The young girl had strayed from the group as they gathered mushrooms between the moss-covered roots of the great mother trees. She could not see her sisters and brothers anywhere. She was alone. This made her smile.
From the moment she could distinguish variety among the common family around her she felt the need to be different. Where her sisters wore plain frocks she sought after patterns. When her brothers contented themselves with lower-branched fruits, she climbed ever the highest and plucked the richer tasting rewards her tiny hands could reach. If the fashion was to dress the hair plainly, she would spend an hour braiding long strands and tying them with elaborate grass threads. She would shout when others whispered. Contrariety was in her nature. She was Meresinth Woodbine of Velvet Glade.
The children had been climbing for several hours among the tumbled rocky landscape high up over the three main villages. The great trees that sought sustenance between those rocks, pushed their roots into cracks, sundering granite with ease, creating a world of chasms and caves and hollows. Yellow mosses, the softest of natural carpets, crept stealthily over these broken lands and provided a rich mould with the dropping leaves so that tasty mushrooms and puffballs sprouted overnight in season.
The girl enjoyed plunging her foot through the squashy carpet, listening to the squelching sounds and watching in wonder as millipedes and beetles scurried in outrage from their wrecked homes to seek peace elsewhere.
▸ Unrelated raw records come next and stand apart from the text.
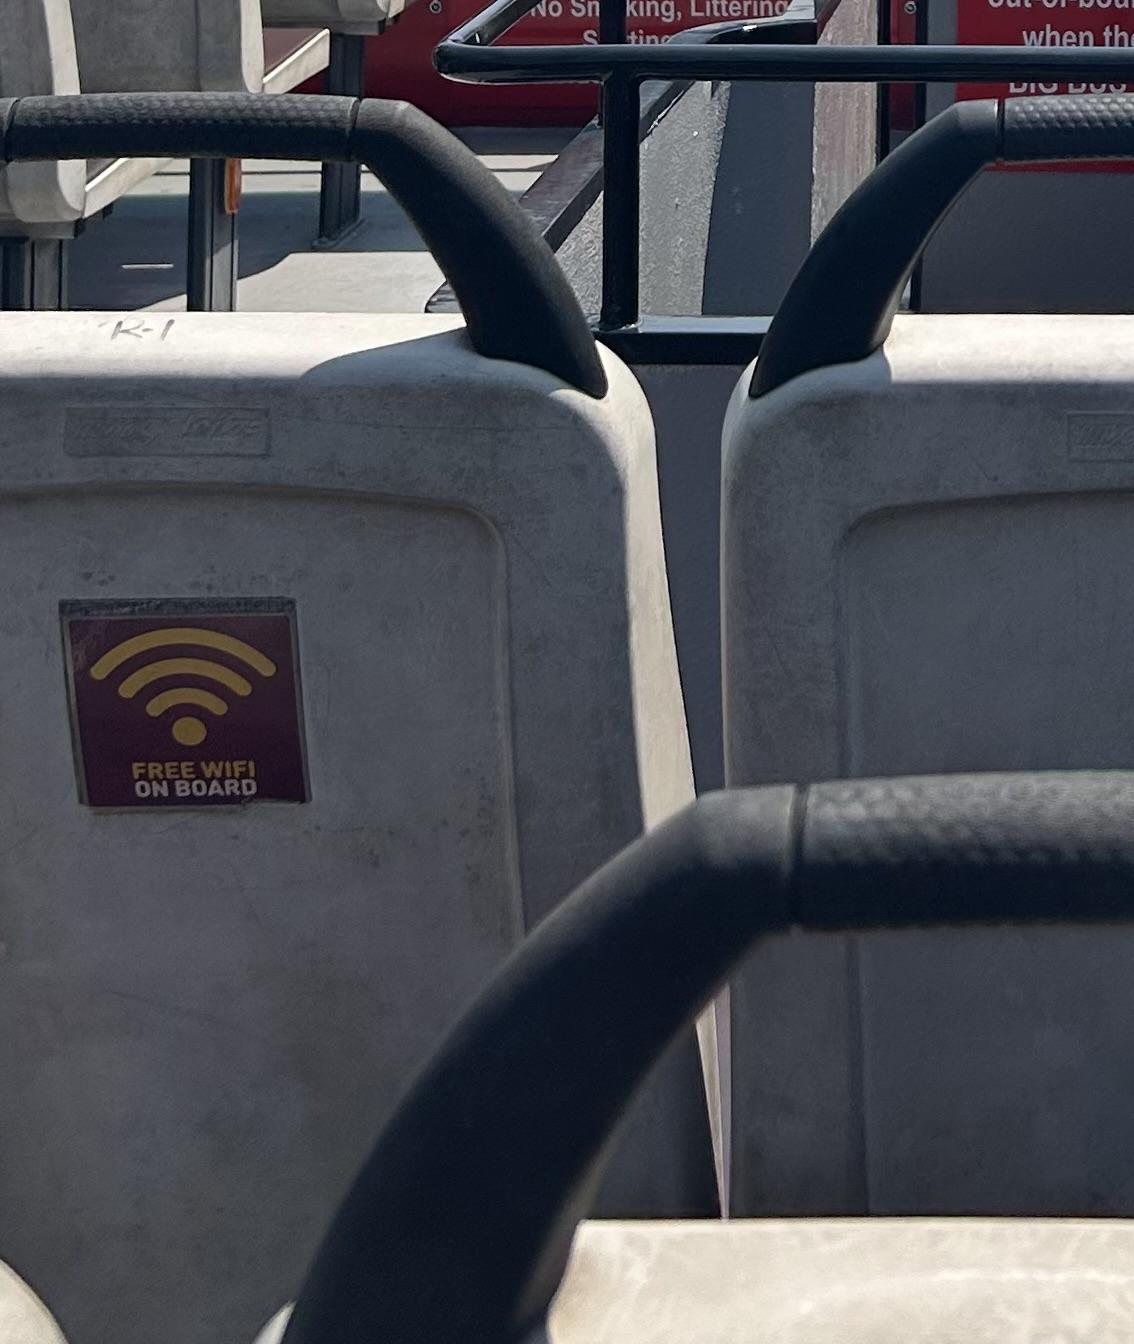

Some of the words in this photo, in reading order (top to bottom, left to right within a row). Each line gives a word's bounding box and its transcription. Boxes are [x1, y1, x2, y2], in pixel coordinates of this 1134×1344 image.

[1022, 24, 1094, 47] when
[132, 761, 195, 779] FREE
[201, 760, 256, 779] WIFI
[135, 780, 169, 797] ON
[175, 779, 257, 797] BOARD
She forgot the mushrooms in the quiet of the forest. Birds were few, and the great beasts that her fathers hunted for meat on feast days would not haunt glades and copses so close to village settlements.
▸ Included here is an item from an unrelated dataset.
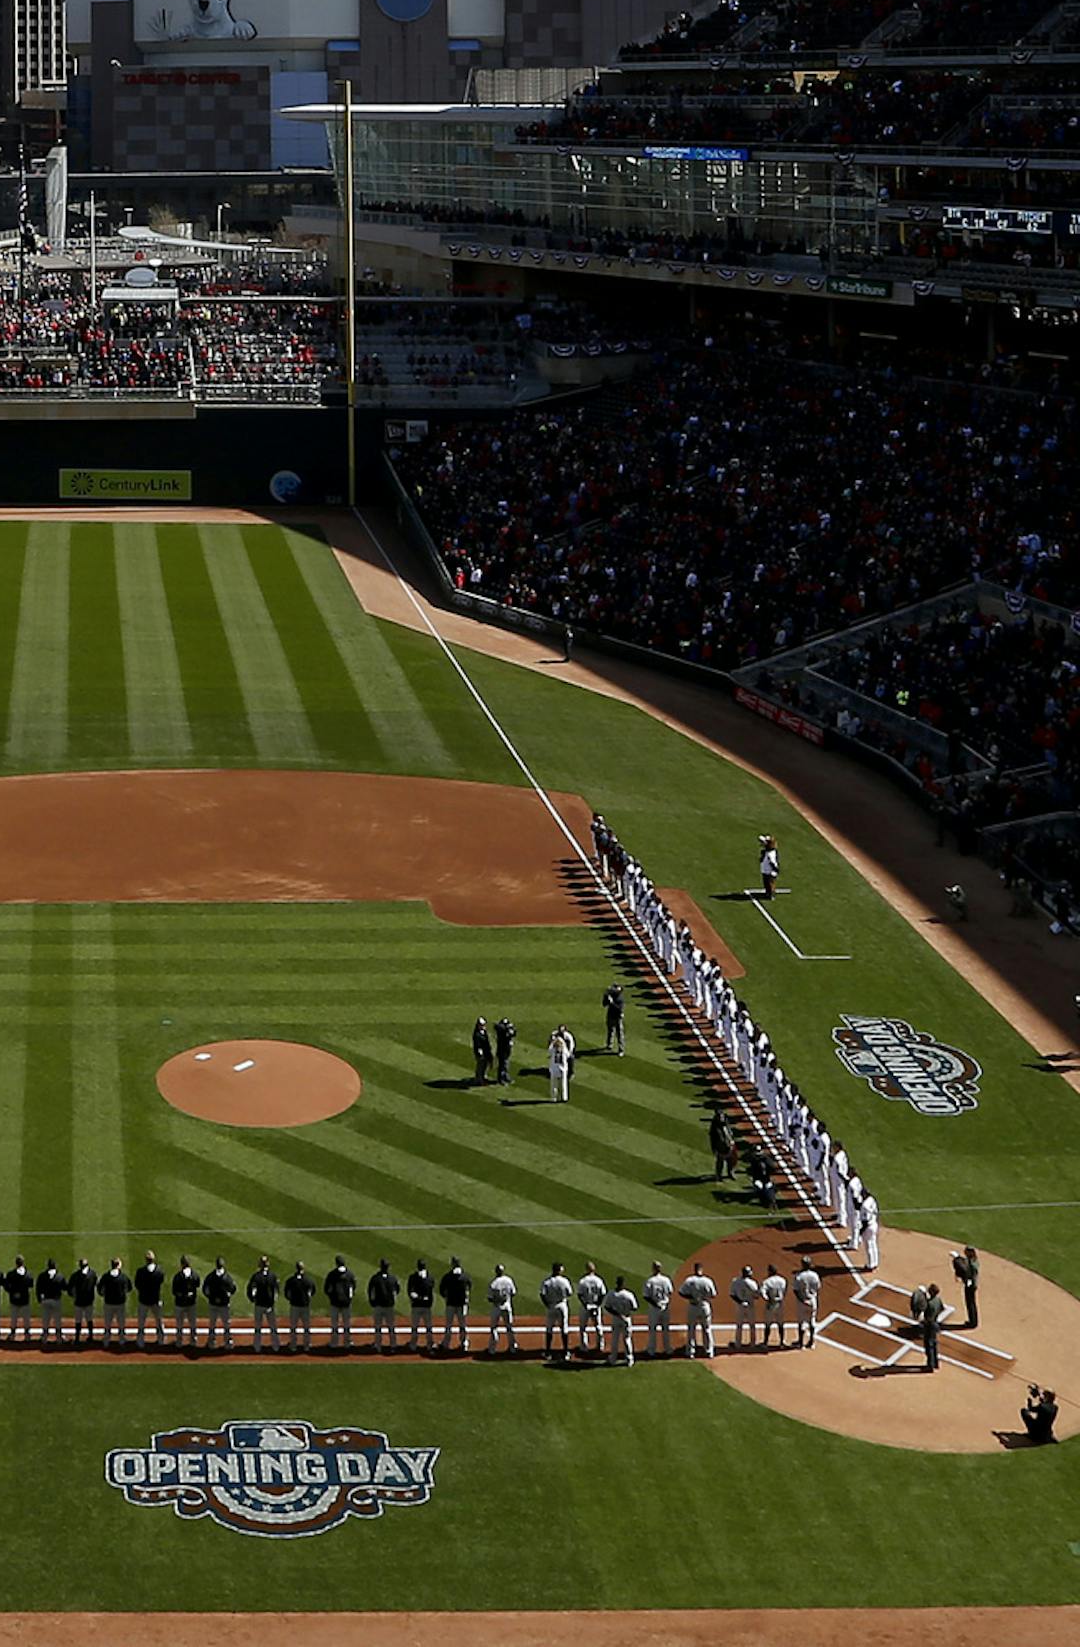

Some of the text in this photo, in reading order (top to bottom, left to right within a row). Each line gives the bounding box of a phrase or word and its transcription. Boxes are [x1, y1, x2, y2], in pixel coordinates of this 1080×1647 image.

[99, 478, 181, 493] CenturyLink
[844, 1015, 958, 1114] OPENING DAY
[112, 1452, 431, 1485] OPENING DAY
A gentle rain began to fall, creating in moments a symphony of new sounds as surfaces were pattered from on high by droplets clustered amid oily leaves and subterranean hollows began to fill with rushing waters that rumbled deep beneath her feet.
A greater darkness filled the leafy heights with a sinister gloom and shadows created depths hitherto unnoticed by the child. She looked around her at the tall tree trunks and dripping foliage, wiping raindrops from her eyes and smiling at these new sensations. Her vision blurred and the strange sounds began to catch her ears, as if some hidden creature whispered to her, sometimes on her left, sometimes just ahead where she was looking, and most thrillingly, behind her, up close, as if right on her shoulder. She could almost feel a cold breath from strange lungs fluttering the braid of hair she favoured. Then she would glance quickly over her shoulder, but there was no one there.
A long, calling voice echoed through the trees, drifting up against the misty rain. It was one of her mothers seeking the lost child. Her brothers and sisters must have returned already and by their return revealing her mysterious absence. She knew thus in straying she would be in trouble, not simply because the forest was full of dangers for a little girl, but because she had disobeyed.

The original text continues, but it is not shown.